Sales Tips: Are Your Sales Cycle Activities Planned or Random?

Posted by Jill Perez on Jun 10, 2015 8:00:00 AM

Sales Tips: Are Your Sales Cycle Activities Planned or Random?

By John Holland, Chief Content Officer, CustomerCentric Selling® - The Sales Training Company

chess-smallerMany sellers have a bad habit of taking their initial contact (often mid to low-level staff) and taking that person as far as they can in terms of trying to sell their offerings. If it will ultimately be a committee decision they make a mistake in not getting access and commitment from others to qualify the opportunity.

A large part of navigating through complex B2B opportunities is to have a plan.

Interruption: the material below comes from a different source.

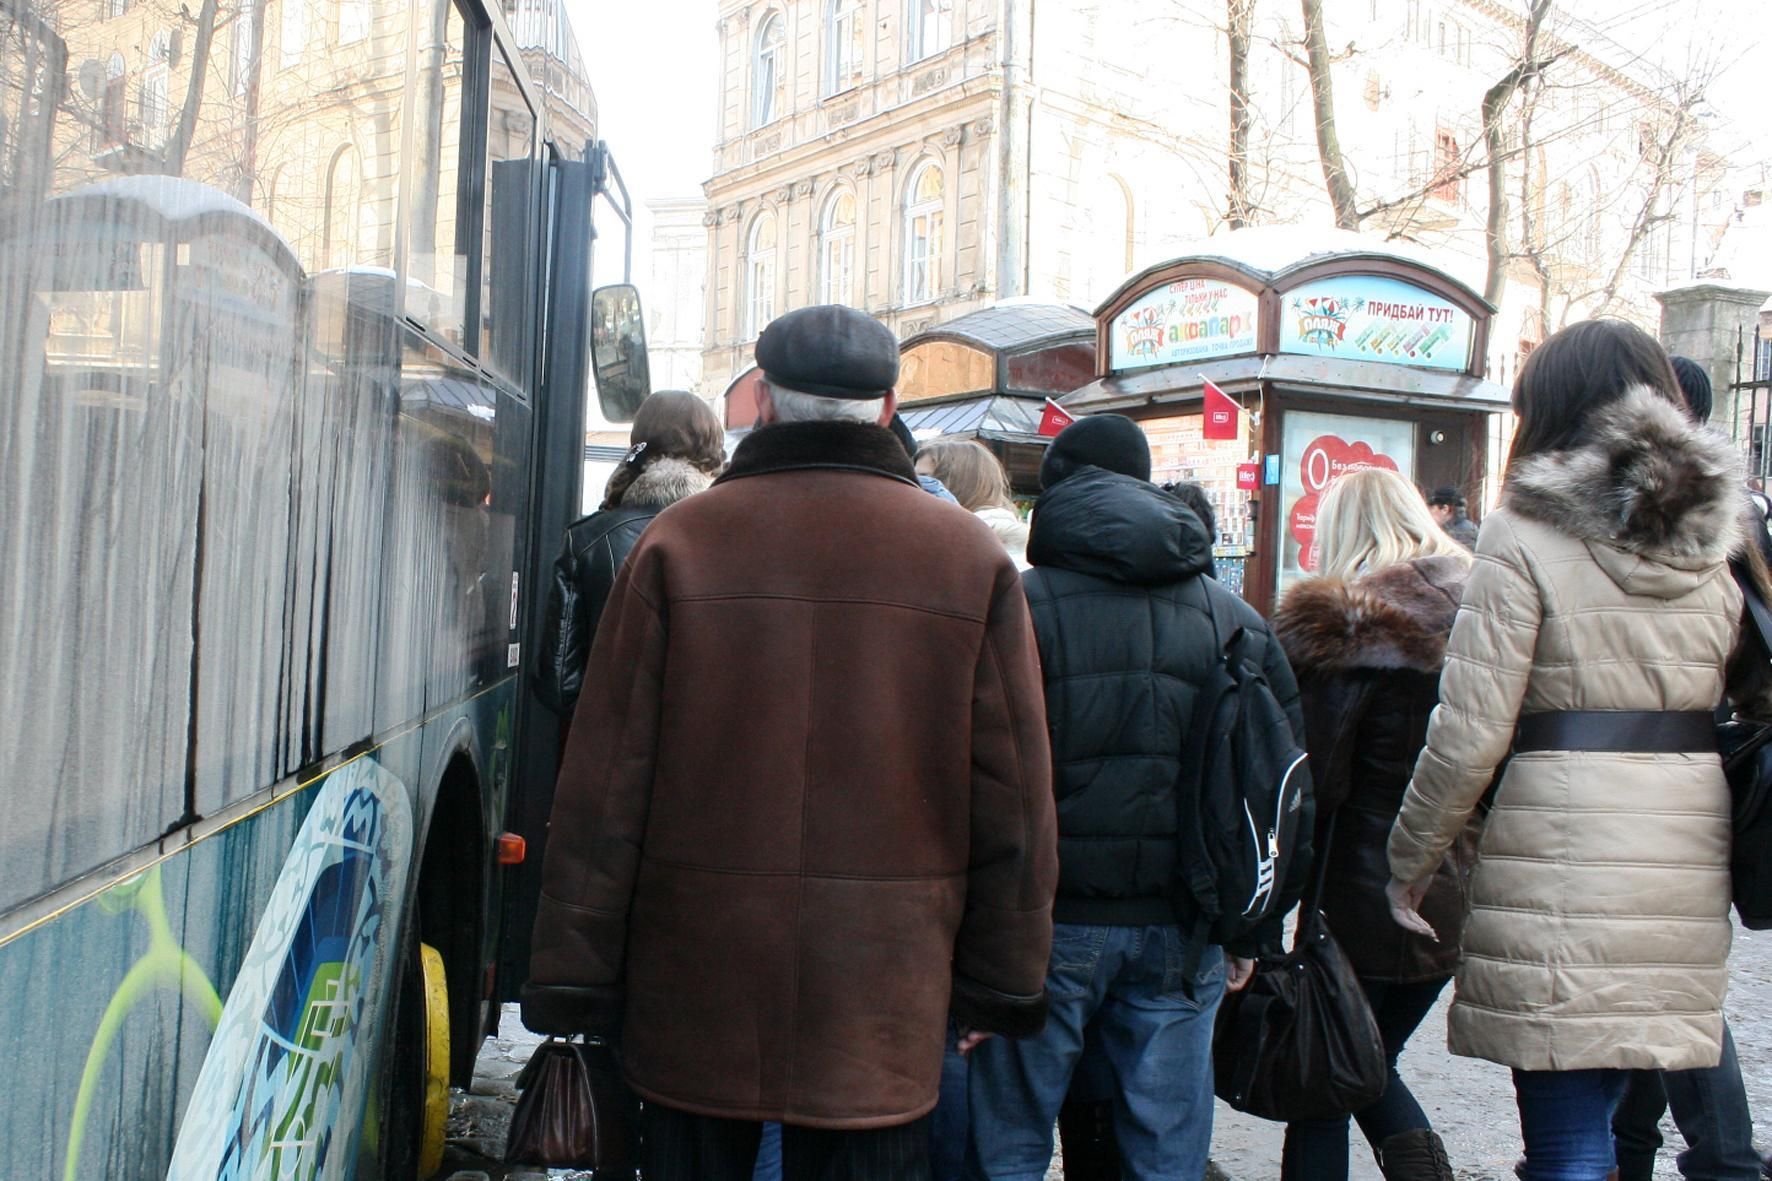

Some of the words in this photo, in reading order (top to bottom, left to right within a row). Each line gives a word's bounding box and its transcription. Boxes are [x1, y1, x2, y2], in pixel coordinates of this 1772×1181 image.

[1169, 281, 1188, 294] СУПЕР
[1214, 287, 1228, 299] НАС
[1368, 301, 1424, 321] ПРИДБАЙ
[1428, 307, 1454, 324] ТУТ!

Within CCS® we show sellers that there are three (3) phases of buying cycles:

  1. Solution development entails getting buyers to share desired business outcomes, diagnosing why those outcomes can’t be achieved and then showing only the capabilities within an offering that can help them achieve the results they are looking for.
  2. Evaluation is the phase where buyers (often mid-level staff) take a detailed look at offerings. Vendors will be compared, implementation issues will be considered, cost vs. benefit can be determined, vendor support and viability are researched, etc.
  3. Commitment is the final phase and usually only one (1) vendor is taken into Phase 3. Prior to choosing a vendor, committee members go through risk in determining if the desired results have a high probability of being achieved. If so, the final hurdle is price and most buyers will negotiate to get what they feel is the best possible deal.

Our recommended approach is that Phase 1 should be done with Key Players to make sure there is sufficient business value. Competent sellers should be able to complete Phase 1 with executive buyers without any need for support people to be involved. If there is a consensus amongst the Key Players that there is sufficient value, then a Sequence of Events with steps and estimated dates leading to a buying decision can be negotiated and documented. This nets out to agreeing upon the activities within Phase 2 and an agreed estimated date when a recommendation will be made.

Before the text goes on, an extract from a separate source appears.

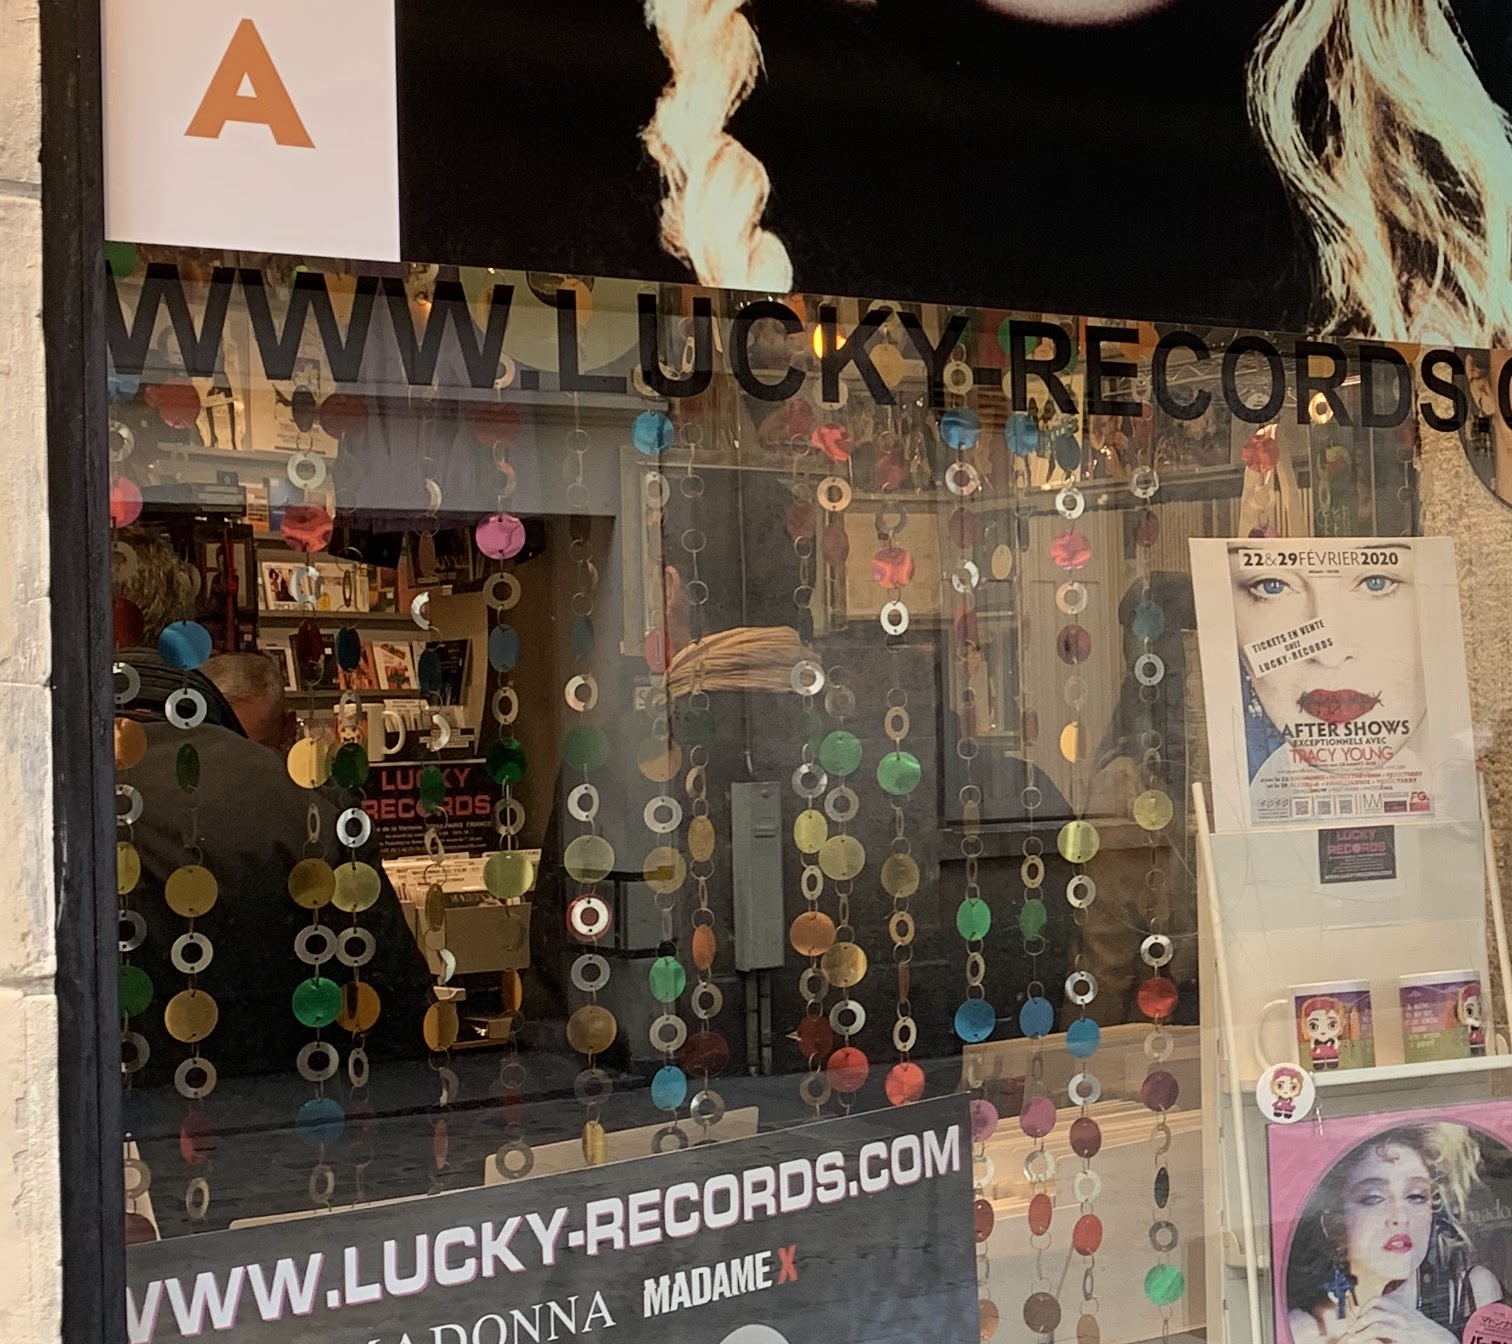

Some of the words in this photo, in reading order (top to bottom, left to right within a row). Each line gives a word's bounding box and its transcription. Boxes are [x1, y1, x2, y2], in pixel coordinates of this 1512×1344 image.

If a seller becomes the vendor of choice, Phase 3 will hopefully result in an order but could degrade into “no decision.” Less talented sellers, whether having proactive or reactive entry points, go as far as they can with each “buyer” and try to climb org charts one level at a time. Most people they call on can’t say yes but can say no. Sellers run the risk of having long sales cycles that fall under their own weight because they are done “bottom up.”

Ultimately both buyers and sellers benefit from a “top-down” approach. Studies have shown that executive buyers like to be involved early (Phase 1) and late (Phase 3) in buying cycles. Similar to a vendor’s cost of sales in Phase 2 there are lower level resources that must be involved in the evaluation. Spending vendor and prospect resources only makes sense if there is sufficient value and evaluations take much less time when there is a written plan in place.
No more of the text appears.